* EXERCISE DIRECTIONS
Every record must reappear in the answer exactly as given.

(INFORMATION)

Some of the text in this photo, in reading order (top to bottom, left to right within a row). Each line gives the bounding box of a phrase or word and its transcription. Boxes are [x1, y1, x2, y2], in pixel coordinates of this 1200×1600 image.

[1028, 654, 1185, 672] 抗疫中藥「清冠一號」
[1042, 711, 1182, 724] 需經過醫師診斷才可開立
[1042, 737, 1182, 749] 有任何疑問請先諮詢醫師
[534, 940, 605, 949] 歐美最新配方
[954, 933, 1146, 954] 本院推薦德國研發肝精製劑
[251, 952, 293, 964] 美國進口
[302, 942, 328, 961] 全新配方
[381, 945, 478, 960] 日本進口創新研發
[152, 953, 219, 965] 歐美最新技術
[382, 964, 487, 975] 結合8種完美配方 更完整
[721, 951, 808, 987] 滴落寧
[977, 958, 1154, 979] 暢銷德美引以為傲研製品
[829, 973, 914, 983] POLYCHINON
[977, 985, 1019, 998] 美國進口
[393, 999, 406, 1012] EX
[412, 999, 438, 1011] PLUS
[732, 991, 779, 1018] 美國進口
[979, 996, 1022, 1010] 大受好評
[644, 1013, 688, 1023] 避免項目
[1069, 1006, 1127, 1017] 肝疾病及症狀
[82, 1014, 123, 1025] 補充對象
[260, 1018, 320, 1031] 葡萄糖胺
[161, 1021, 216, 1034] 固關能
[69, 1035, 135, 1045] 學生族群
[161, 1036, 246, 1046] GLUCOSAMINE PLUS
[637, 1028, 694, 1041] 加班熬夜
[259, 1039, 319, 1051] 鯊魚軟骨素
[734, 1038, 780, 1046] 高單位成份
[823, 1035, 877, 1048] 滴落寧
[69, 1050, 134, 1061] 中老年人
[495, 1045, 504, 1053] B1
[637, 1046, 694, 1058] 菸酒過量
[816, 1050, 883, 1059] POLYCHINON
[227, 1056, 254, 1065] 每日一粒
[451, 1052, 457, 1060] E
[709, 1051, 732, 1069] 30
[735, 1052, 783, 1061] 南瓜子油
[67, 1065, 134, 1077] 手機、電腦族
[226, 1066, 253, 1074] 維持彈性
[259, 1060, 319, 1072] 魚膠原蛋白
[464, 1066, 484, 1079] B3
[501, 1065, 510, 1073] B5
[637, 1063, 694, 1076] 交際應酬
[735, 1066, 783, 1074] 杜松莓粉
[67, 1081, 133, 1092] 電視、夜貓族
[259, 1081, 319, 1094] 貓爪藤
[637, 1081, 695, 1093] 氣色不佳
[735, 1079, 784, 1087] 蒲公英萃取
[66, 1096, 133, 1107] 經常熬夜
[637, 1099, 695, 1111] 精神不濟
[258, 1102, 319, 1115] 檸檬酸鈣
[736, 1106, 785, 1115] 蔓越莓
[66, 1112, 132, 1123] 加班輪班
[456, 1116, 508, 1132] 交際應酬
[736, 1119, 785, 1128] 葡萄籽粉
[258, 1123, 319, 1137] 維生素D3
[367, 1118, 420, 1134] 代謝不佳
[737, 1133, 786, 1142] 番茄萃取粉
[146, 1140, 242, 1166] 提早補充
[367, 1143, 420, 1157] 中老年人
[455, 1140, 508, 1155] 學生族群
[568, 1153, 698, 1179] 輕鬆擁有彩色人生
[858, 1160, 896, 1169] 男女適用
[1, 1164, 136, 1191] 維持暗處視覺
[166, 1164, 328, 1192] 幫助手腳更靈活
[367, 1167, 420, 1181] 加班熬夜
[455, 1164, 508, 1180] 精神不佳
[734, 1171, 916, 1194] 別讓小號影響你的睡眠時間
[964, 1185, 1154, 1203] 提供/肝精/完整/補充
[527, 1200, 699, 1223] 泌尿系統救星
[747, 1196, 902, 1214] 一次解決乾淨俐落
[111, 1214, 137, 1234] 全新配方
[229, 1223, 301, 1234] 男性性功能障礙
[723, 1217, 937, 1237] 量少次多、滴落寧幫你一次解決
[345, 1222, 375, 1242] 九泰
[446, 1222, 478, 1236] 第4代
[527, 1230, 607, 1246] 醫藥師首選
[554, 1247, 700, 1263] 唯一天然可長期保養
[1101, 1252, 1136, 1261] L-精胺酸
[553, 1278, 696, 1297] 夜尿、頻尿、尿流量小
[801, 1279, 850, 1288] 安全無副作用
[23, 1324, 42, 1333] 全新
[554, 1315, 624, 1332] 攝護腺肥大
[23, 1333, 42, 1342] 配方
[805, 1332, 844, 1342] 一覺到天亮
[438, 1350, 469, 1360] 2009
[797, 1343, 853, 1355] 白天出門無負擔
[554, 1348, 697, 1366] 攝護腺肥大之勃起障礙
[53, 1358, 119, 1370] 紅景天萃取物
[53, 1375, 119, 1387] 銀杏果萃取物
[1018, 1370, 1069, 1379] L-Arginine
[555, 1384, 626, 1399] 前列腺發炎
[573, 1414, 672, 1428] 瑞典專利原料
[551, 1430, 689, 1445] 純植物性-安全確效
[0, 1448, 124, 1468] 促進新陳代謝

(End INFORMATION)

* RESPONSE TO THE TASK
Some of the text in this photo, in reading order (top to bottom, left to right within a row). Each line gives the bounding box of a phrase or word and its transcription. Boxes are [x1, y1, x2, y2], in pixel coordinates of this 1200×1600 image.

[1028, 654, 1185, 672] 抗疫中藥「清冠一號」
[1042, 711, 1182, 724] 需經過醫師診斷才可開立
[1042, 737, 1182, 749] 有任何疑問請先諮詢醫師
[534, 940, 605, 949] 歐美最新配方
[954, 933, 1146, 954] 本院推薦德國研發肝精製劑
[251, 952, 293, 964] 美國進口
[302, 942, 328, 961] 全新配方
[381, 945, 478, 960] 日本進口創新研發
[152, 953, 219, 965] 歐美最新技術
[382, 964, 487, 975] 結合8種完美配方 更完整
[721, 951, 808, 987] 滴落寧
[977, 958, 1154, 979] 暢銷德美引以為傲研製品
[829, 973, 914, 983] POLYCHINON
[977, 985, 1019, 998] 美國進口
[393, 999, 406, 1012] EX
[412, 999, 438, 1011] PLUS
[732, 991, 779, 1018] 美國進口
[979, 996, 1022, 1010] 大受好評
[644, 1013, 688, 1023] 避免項目
[1069, 1006, 1127, 1017] 肝疾病及症狀
[82, 1014, 123, 1025] 補充對象
[260, 1018, 320, 1031] 葡萄糖胺
[161, 1021, 216, 1034] 固關能
[69, 1035, 135, 1045] 學生族群
[161, 1036, 246, 1046] GLUCOSAMINE PLUS
[637, 1028, 694, 1041] 加班熬夜
[259, 1039, 319, 1051] 鯊魚軟骨素
[734, 1038, 780, 1046] 高單位成份
[823, 1035, 877, 1048] 滴落寧
[69, 1050, 134, 1061] 中老年人
[495, 1045, 504, 1053] B1
[637, 1046, 694, 1058] 菸酒過量
[816, 1050, 883, 1059] POLYCHINON
[227, 1056, 254, 1065] 每日一粒
[451, 1052, 457, 1060] E
[709, 1051, 732, 1069] 30
[735, 1052, 783, 1061] 南瓜子油
[67, 1065, 134, 1077] 手機、電腦族
[226, 1066, 253, 1074] 維持彈性
[259, 1060, 319, 1072] 魚膠原蛋白
[464, 1066, 484, 1079] B3
[501, 1065, 510, 1073] B5
[637, 1063, 694, 1076] 交際應酬
[735, 1066, 783, 1074] 杜松莓粉
[67, 1081, 133, 1092] 電視、夜貓族
[259, 1081, 319, 1094] 貓爪藤
[637, 1081, 695, 1093] 氣色不佳
[735, 1079, 784, 1087] 蒲公英萃取
[66, 1096, 133, 1107] 經常熬夜
[637, 1099, 695, 1111] 精神不濟
[258, 1102, 319, 1115] 檸檬酸鈣
[736, 1106, 785, 1115] 蔓越莓
[66, 1112, 132, 1123] 加班輪班
[456, 1116, 508, 1132] 交際應酬
[736, 1119, 785, 1128] 葡萄籽粉
[258, 1123, 319, 1137] 維生素D3
[367, 1118, 420, 1134] 代謝不佳
[737, 1133, 786, 1142] 番茄萃取粉
[146, 1140, 242, 1166] 提早補充
[367, 1143, 420, 1157] 中老年人
[455, 1140, 508, 1155] 學生族群
[568, 1153, 698, 1179] 輕鬆擁有彩色人生
[858, 1160, 896, 1169] 男女適用
[1, 1164, 136, 1191] 維持暗處視覺
[166, 1164, 328, 1192] 幫助手腳更靈活
[367, 1167, 420, 1181] 加班熬夜
[455, 1164, 508, 1180] 精神不佳
[734, 1171, 916, 1194] 別讓小號影響你的睡眠時間
[964, 1185, 1154, 1203] 提供/肝精/完整/補充
[527, 1200, 699, 1223] 泌尿系統救星
[747, 1196, 902, 1214] 一次解決乾淨俐落
[111, 1214, 137, 1234] 全新配方
[229, 1223, 301, 1234] 男性性功能障礙
[723, 1217, 937, 1237] 量少次多、滴落寧幫你一次解決
[345, 1222, 375, 1242] 九泰
[446, 1222, 478, 1236] 第4代
[527, 1230, 607, 1246] 醫藥師首選
[554, 1247, 700, 1263] 唯一天然可長期保養
[1101, 1252, 1136, 1261] L-精胺酸
[553, 1278, 696, 1297] 夜尿、頻尿、尿流量小
[801, 1279, 850, 1288] 安全無副作用
[23, 1324, 42, 1333] 全新
[554, 1315, 624, 1332] 攝護腺肥大
[23, 1333, 42, 1342] 配方
[805, 1332, 844, 1342] 一覺到天亮
[438, 1350, 469, 1360] 2009
[797, 1343, 853, 1355] 白天出門無負擔
[554, 1348, 697, 1366] 攝護腺肥大之勃起障礙
[53, 1358, 119, 1370] 紅景天萃取物
[53, 1375, 119, 1387] 銀杏果萃取物
[1018, 1370, 1069, 1379] L-Arginine
[555, 1384, 626, 1399] 前列腺發炎
[573, 1414, 672, 1428] 瑞典專利原料
[551, 1430, 689, 1445] 純植物性-安全確效
[0, 1448, 124, 1468] 促進新陳代謝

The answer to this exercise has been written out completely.